In the late afternoon our VIP van arrives in Phonsavan after a fairly short, although not a very comfortable ride. The view along the route is stunning as we go over the mountains and the time in the van went by extra quick as we had the very pleasant company of Masuk from Morocco, John from the UK, and Jonathan from Austria. We're dropped off fairly close to the centre of town where the majority of the hotels are located, so we decide to walk there rather than get a "free" tuc-tuc lift to a hotel of the tout's choice... We first head for one of the Kong Keo Guest House, warmly recommended by the Lonely Planet, only to find it was a spider-infested damp dump... We had to look at alternatives and ended up in White Orchid - a fairly OK place with breakfast included, and it's relatively cheap.

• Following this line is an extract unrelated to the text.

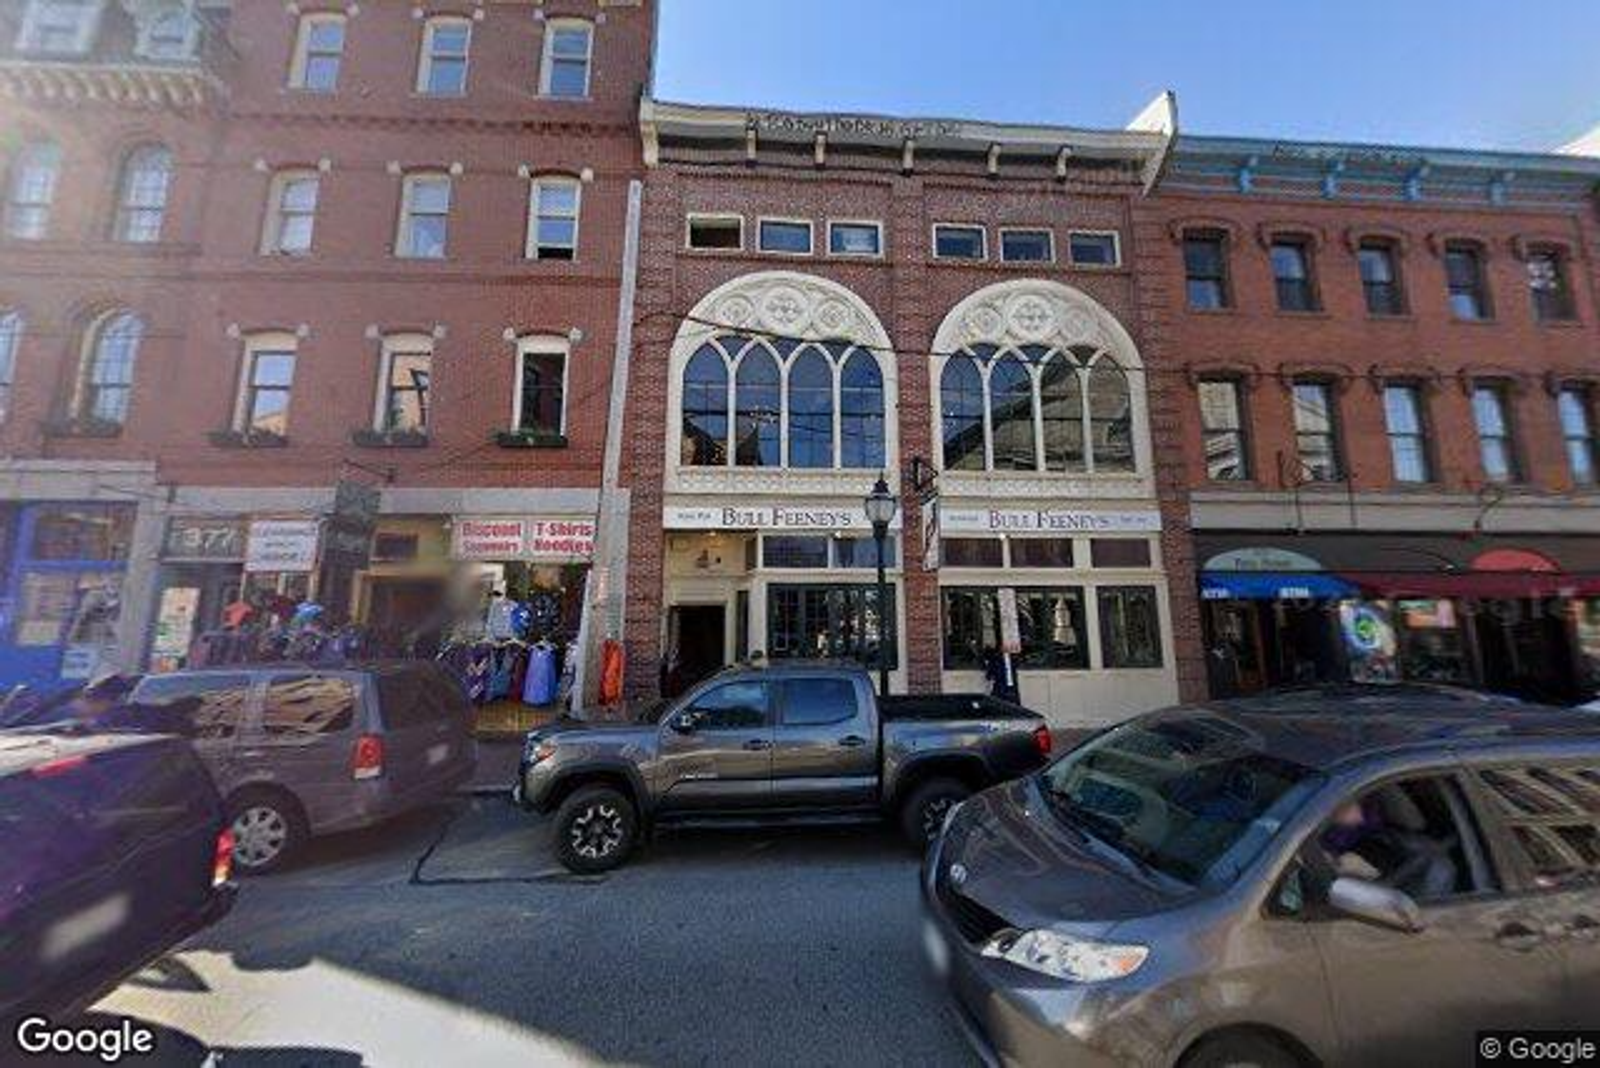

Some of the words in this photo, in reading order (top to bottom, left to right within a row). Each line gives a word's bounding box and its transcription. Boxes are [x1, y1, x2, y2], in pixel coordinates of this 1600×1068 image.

[722, 507, 768, 526] BULL
[772, 507, 851, 526] FEENEY'S
[990, 510, 1033, 528] BULL

After settling into the hotel we head out to find some food and beer. Hannah had spotted a quirky little bar and restaurant called The Bombie while we were walking about looking for accommodation, so we head there. We also realise later that this bar is mentioned in the Lonely Planet, and that every evening it shows a documentary banned in Laos about the "Secret War" conducted over Laos parallel to the Vietnam War (The Most Secret Place On Earth). It's a speedy history lesson, and it's not in any way a happy tale. The owner of the bar also has a little travel company that arranges tours to the sights around Phonsavan called Sousath Travels. As we're watching the documentary we discover that the local guide for the film crew is called Sousath as well, and after inquiring we learn that it's the father of our host that soon start to bring out the local (and very lethal) Lao Lao Whiskey. We'd contemplating booking a sightseeing tour with Sousath as he's got a bit different itineraries than what the other tour operators are offering but as it was just the two of us we thought it a bit expensive and needed to have a think about it. As we were having our dinner some more people wanted to sign up for it and suddenly it seemed much more affordable. Sousath runs another documentary after the banned "The Most Secret Place On Earth" and we stay there to watch it while enjoying the beer and a couple of shots of Lao Lao - although enjoying the beer and Lao Lao we're in shock watching the horrific documentaries. The third documentary, or more stunt reportage, was a bit disturbing in a completely different way, and I thought this one should have been left out... It's an MTV production about blowing up a cow - something you used to be able to do in Laos as a "tourist attraction" apparently. This reportage was featuring the owner of the bar as the guide of the MTV film team. I thought it just looked like he'd sold out for a bit of "fame" to try to be like his dad. Needless to say I was NOT impressed by this...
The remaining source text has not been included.